Another useful function is substr()
:
substr(strings, 1, 3)
## [1] "one"
The term globbing in shell or Unix-like environment refers to pattern matching based on wildcard characters. A wildcard character can be used to substitute for any other character or characters in a string. Globbing is commonly used for matching file names or paths, and has a much simpler syntax. It is somewhat similar to regular expressions, and that's why people are often confused between them. Here is a list of globbing syntax and their comparisons to regular expression:
*
: matches any number of unknown characters, same as.*
in regular expression.?
: matches one unknown character, same as.
in regular expression.\
: same as regular expression.[...]
: same as regular expression.[!...]
: same as[^...]
in regular expression.
- Regular expression in R official document.

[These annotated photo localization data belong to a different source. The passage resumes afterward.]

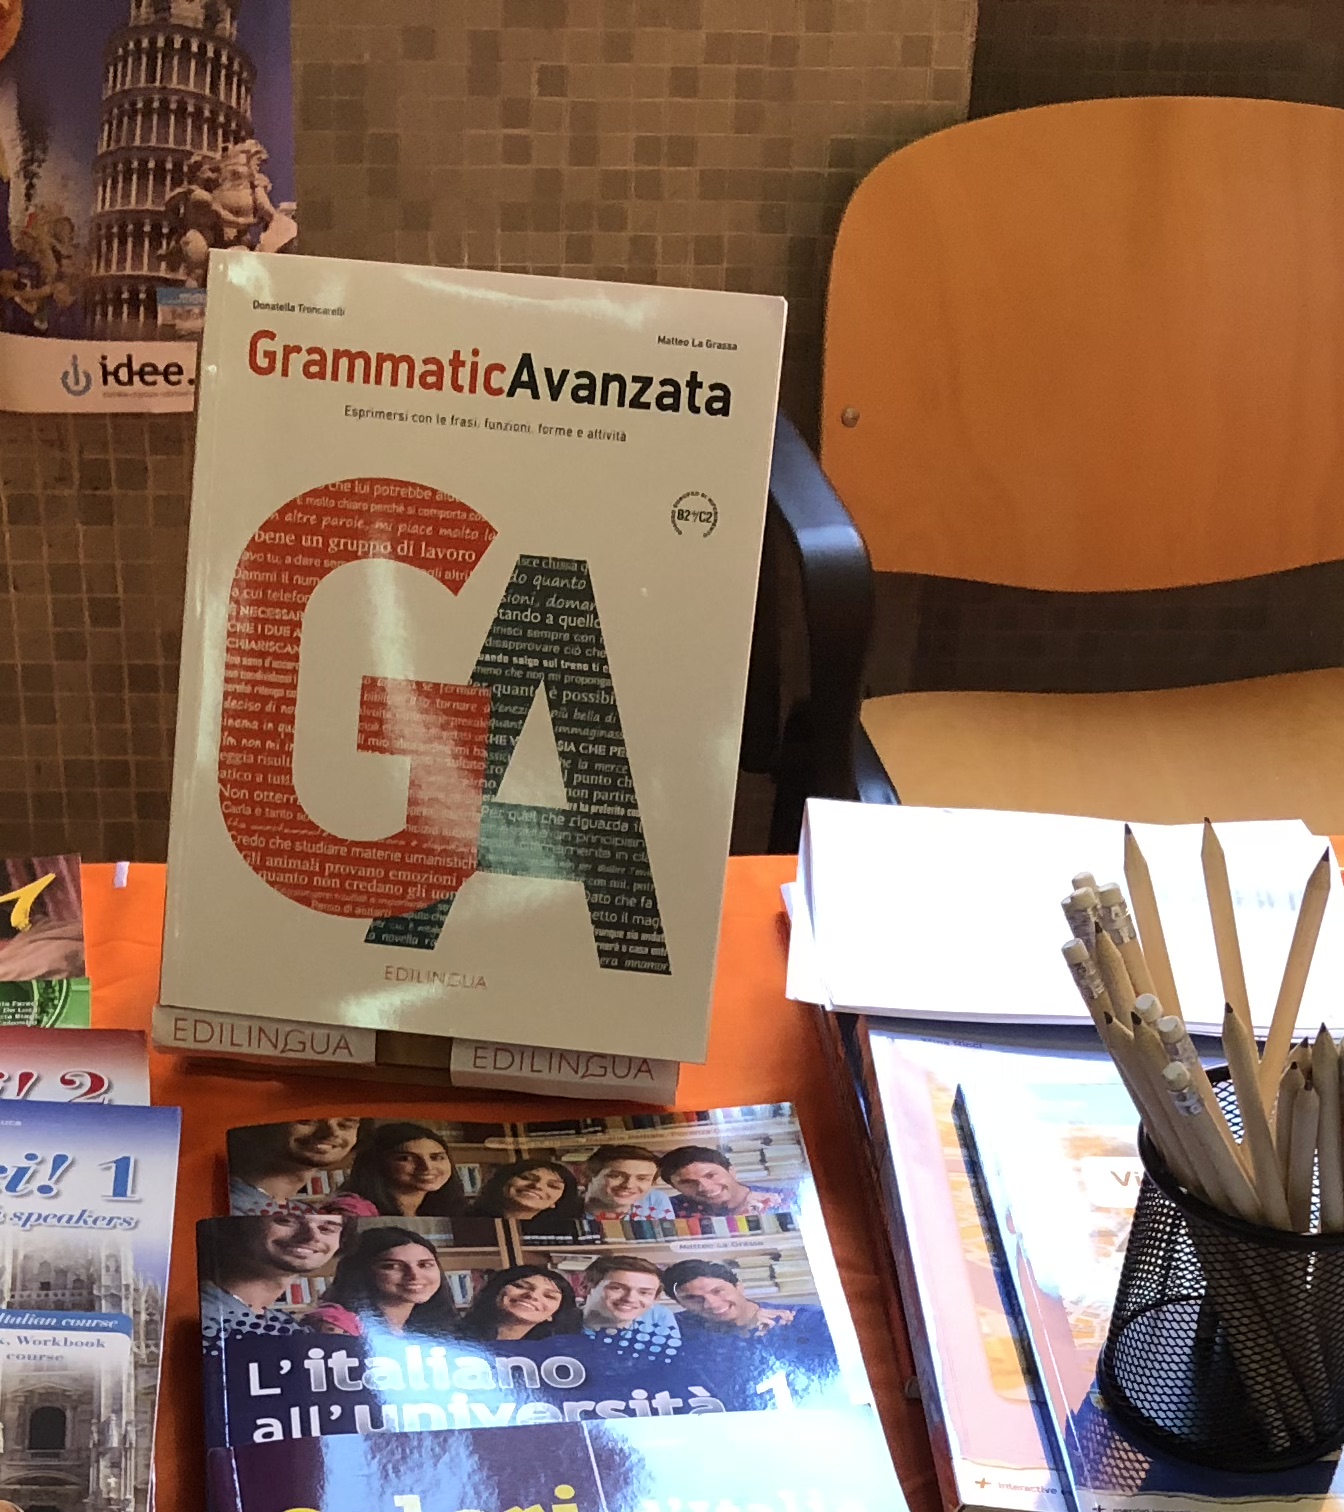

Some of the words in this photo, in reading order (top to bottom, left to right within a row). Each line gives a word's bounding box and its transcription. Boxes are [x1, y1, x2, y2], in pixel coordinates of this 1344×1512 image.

[252, 300, 296, 314] Donatella
[657, 335, 689, 349] Matteo
[705, 339, 738, 351] Grassa
[344, 404, 408, 422] Esprimersi
[538, 422, 574, 438] forme
[587, 427, 627, 443] attività
[383, 965, 488, 990] EDILINGUA
[173, 1016, 354, 1058] EDILINGUA
[472, 1046, 656, 1082] EDILINGUA
[96, 1155, 142, 1201] 1
[10, 1206, 138, 1229] speakers
[15, 1335, 105, 1351] Workbook
[248, 1348, 586, 1399] L'italiano

- Perl-like regular expression: regular expression in perl manual.
qdapRegex
package: a collection of handy regular expression tools, including handling abbreviations, dates, email addresses, hash tags, phone numbers, times, emoticons, and URL etc.- Recently, there are some attemps to create human readable regular expression packages, Regularity in Ruby is a very successful one. Unfortunately, its implementation in R is still quite beta at this stage, not as friendly as Regularity yet. But keep an eye out, better packages may become available in the near future!
- There are some online tools to help learn, build and test regular expressions. On these websites, you can simply paste your test data and write regular expression, and matches will be highlighted.